8)Women of childbearing age should agree to conduct contraception (such as intrauterine
devices, contraceptives or condoms) during the study and within 6 months after the end of
the study; and the serum or urine pregnancy test is negative within 7 days prior to study
enrollment and they must be non-lactating patients; Men should agree to conduct
contraception during the study and within 6 months after the end of the study.

Exclusion Criteria:

1. Patients who have been treated with anlotinib capsules in the past.

2. Patients who have previously received systemic chemotherapy, signal transduction
inhibitors, targeted therapies, hormone and endocrine therapy.

3. Patients with other malignant tumors occurred within 5 years prior to the enrollment,
except those with cured cervical carcinoma in situ and superficial bladder tumors [Ta
(non-invasive tumor), Tis (carcinoma in situ) and T1 (tumor infiltrating basement
membrane)] , basal or squamous cell skin cancer, and localized prostate cancer and
ductal breast carcinoma in situ treated with radical surgery.

4. Unresolved toxicity due to any previous treatment above CTC AE (4.0) level 2 or
higher, excluding hair loss.

5. Patients with a variety of factors affecting oral medications (such as dyspahgia,
gastrointestinal resection, chronic diarrhea and intestinal obstruction, etc.)

6. Patients with symptomatic CNS metastases.

7. Patients with dysfucitonal coagulation (PT>16s, APTT>43s, TT>21s, Fbg<2g/L), and
bleeding tendency (the following condition must be met within 14 days before the
enrollment: the INR is within the normal range without using anticoagulants); Patients
treated with anticoagulants or vitamin K antagonists such as warfarin, heparin or the
like; Patients with International Normalized Ratio (INR) of less than1.5 are allowed
to use low-dose warfarin (1 mg orally, once daily) or aspirin (with a daily dose of no
more than 100 mg) for prophylactic purposes.
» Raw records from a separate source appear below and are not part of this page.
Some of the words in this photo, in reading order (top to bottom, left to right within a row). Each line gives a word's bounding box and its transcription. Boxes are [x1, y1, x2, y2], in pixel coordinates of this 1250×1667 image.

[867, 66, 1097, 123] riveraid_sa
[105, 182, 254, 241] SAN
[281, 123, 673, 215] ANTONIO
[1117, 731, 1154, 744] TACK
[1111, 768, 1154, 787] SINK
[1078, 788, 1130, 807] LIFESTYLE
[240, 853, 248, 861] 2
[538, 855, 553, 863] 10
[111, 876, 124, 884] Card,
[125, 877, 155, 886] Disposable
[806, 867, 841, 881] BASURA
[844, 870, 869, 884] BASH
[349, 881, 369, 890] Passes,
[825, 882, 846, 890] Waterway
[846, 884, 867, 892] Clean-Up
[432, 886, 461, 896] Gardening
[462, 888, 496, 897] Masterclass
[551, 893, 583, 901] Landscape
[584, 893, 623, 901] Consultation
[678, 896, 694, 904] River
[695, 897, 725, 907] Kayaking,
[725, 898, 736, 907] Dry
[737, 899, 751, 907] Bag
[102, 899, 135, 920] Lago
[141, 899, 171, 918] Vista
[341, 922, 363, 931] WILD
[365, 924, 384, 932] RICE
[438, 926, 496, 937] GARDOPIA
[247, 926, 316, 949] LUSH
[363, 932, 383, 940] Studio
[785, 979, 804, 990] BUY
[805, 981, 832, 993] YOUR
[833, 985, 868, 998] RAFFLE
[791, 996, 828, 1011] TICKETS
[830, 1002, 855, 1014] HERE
8. Patients with major surgical treatment, incisional biopsy or tremendous traumatic
injury within 28 days prior to the enrollment.
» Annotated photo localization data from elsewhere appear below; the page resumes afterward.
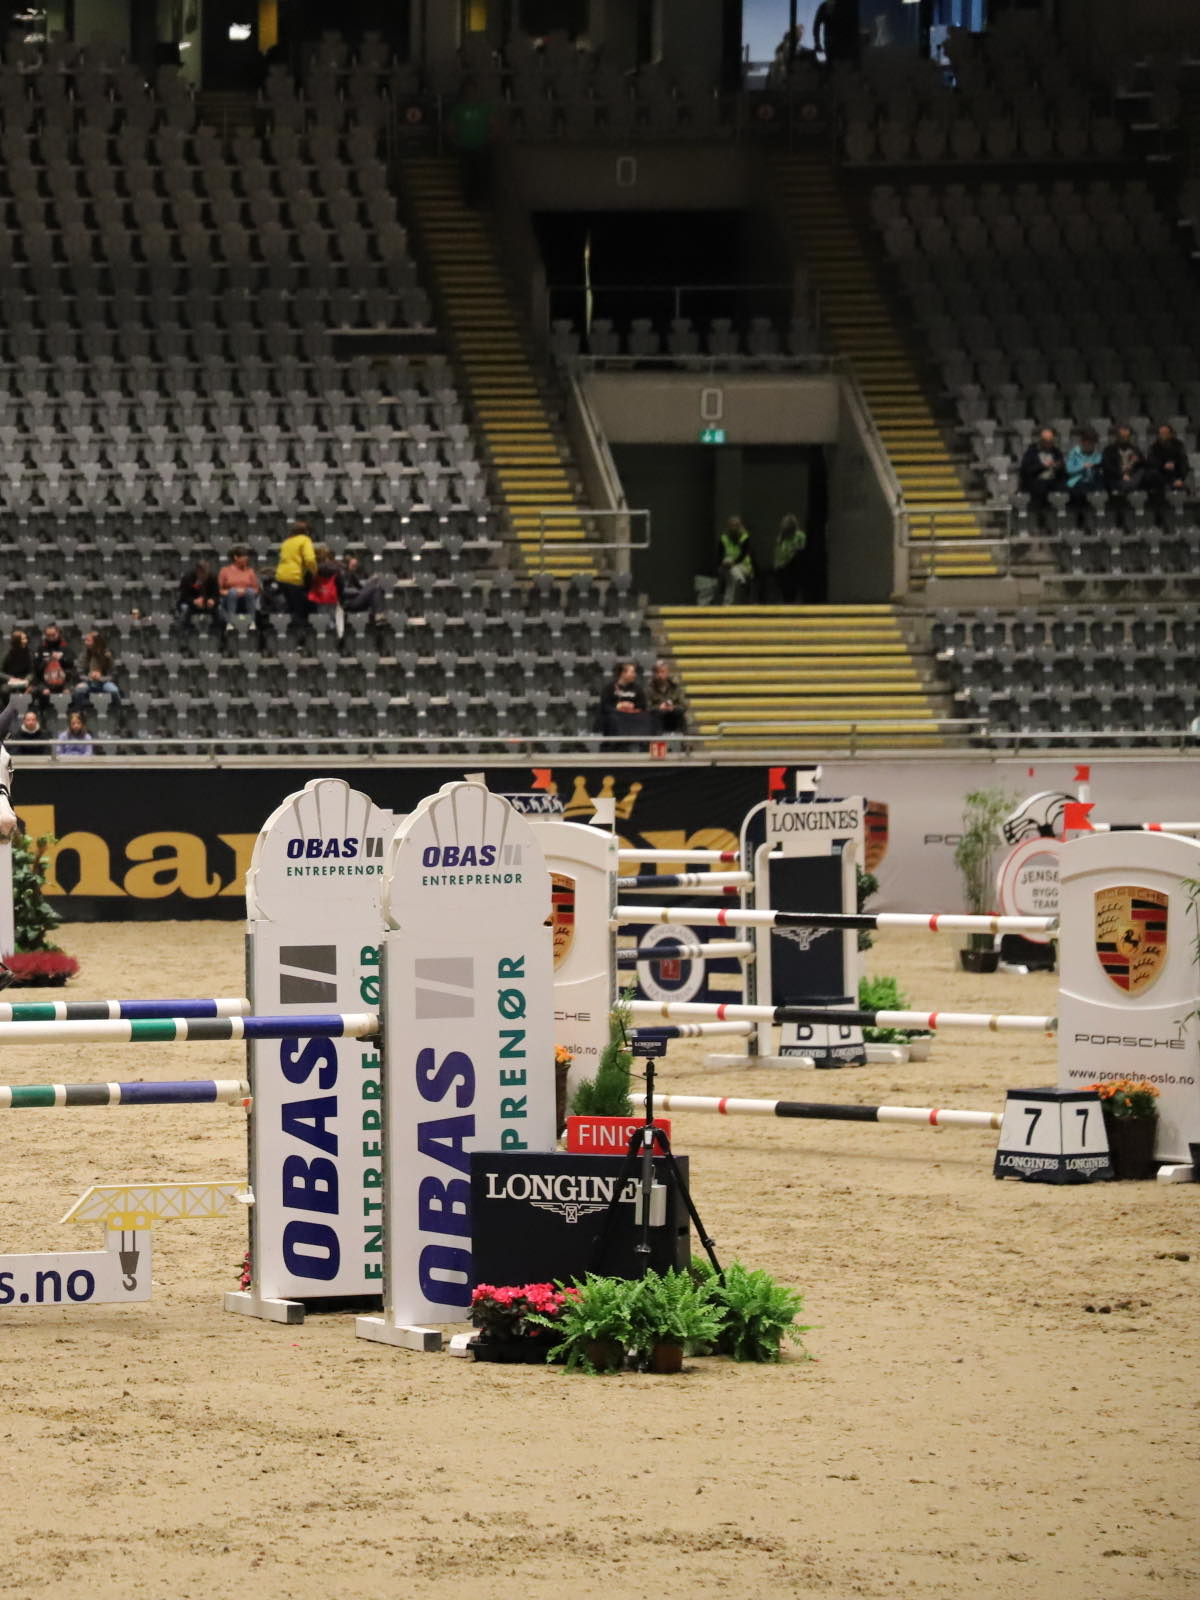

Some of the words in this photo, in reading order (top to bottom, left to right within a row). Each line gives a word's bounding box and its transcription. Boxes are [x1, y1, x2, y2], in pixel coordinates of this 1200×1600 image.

[771, 809, 859, 832] LONGINES
[287, 837, 359, 859] OBAS
[422, 845, 497, 867] OBAS
[287, 865, 384, 876] ENTREPRENØR
[422, 874, 523, 886] ENTREPRENØR
[1021, 870, 1060, 885] JENSE
[1031, 888, 1059, 898] BYGG
[1033, 900, 1059, 909] TEAM
[497, 955, 528, 1150] PRENØR
[1075, 1034, 1185, 1049] PORSCHE
[1069, 1068, 1195, 1085] www.porsche-oslo.no
[360, 945, 382, 1280] ENTREPREØR
[1024, 1107, 1042, 1146] 7
[1076, 1109, 1089, 1147] 7
[280, 1036, 340, 1281] OBAS
[999, 1155, 1059, 1170] LONGINES
[1065, 1156, 1110, 1169] LONGINES
[415, 1047, 477, 1307] OBAS
[486, 1173, 637, 1203] LONGINE
9. Patients with tumors that have invaded tissues surrounding vital blood vessels founded
in imaging or with a high probability of fatal bleeding due to the invasion of tumors
to vital blood vessels according to the judgements of the researchers during the
follow-up study.

10. Patients with uncontrolled pleural, pericardial, or peritoneal effusion requiring
repeated drainage.

11. Patients with any severe and/or uncontrolled disease, including:

1. Patients with unsatisfactory blood pressure control (systolic blood pressure >150
mmHg, diastolic blood pressure >90 mmHg).

2. Patients with myocardial ischemia or myocardial infarction of Grade I of higher
level, arrhythmia (including QTC ≥ 440ms) and congestive heart failure above
Grade 2 (New York Heart Association (NYHA) classification).

3. Patients with active or uncontrolled severe infection (≥ CTC AE Level 2).

4. Patients with a history of immunodeficiency, including HIV-positive or other
acquired, congenital immunodeficiency disease, or a history of organ
transplantation.

5. Patients with poor control of diabetes (fasting blood glucose (FBG)>10mmol/L).

6. Patients with urine protein ≥ ++ indicated by routine urine test, and confirmed
24-hour urine protein quantitation > 1.0 g.

7. Patients with seizures requiring treatment.

12. Patients with bleeding tendency or medical history regardless of severity; Patients
undergone bleeding events of a level ≥ CTCAE 3 within 4 weeks prior to the enrollment,
and with unhealed wounds, ulcers or fractures.

13. Patients undergone venous thrombosis events currently or within 6 months, such as
cerebrovascular accidents (including transient ischemic attacks), deep vein
thrombosis, and pulmonary embolism.

14. Patients with a history of psychotropic drug abuse from which they are unable to
abstain or with mental disorders.

15. Patients who have participated in other clinical trials of anti-tumor drugs within
four weeks.

16. Patients with severe disease that threaten the safety of themselves or affect the
completion of the study according to the investigators' judgment.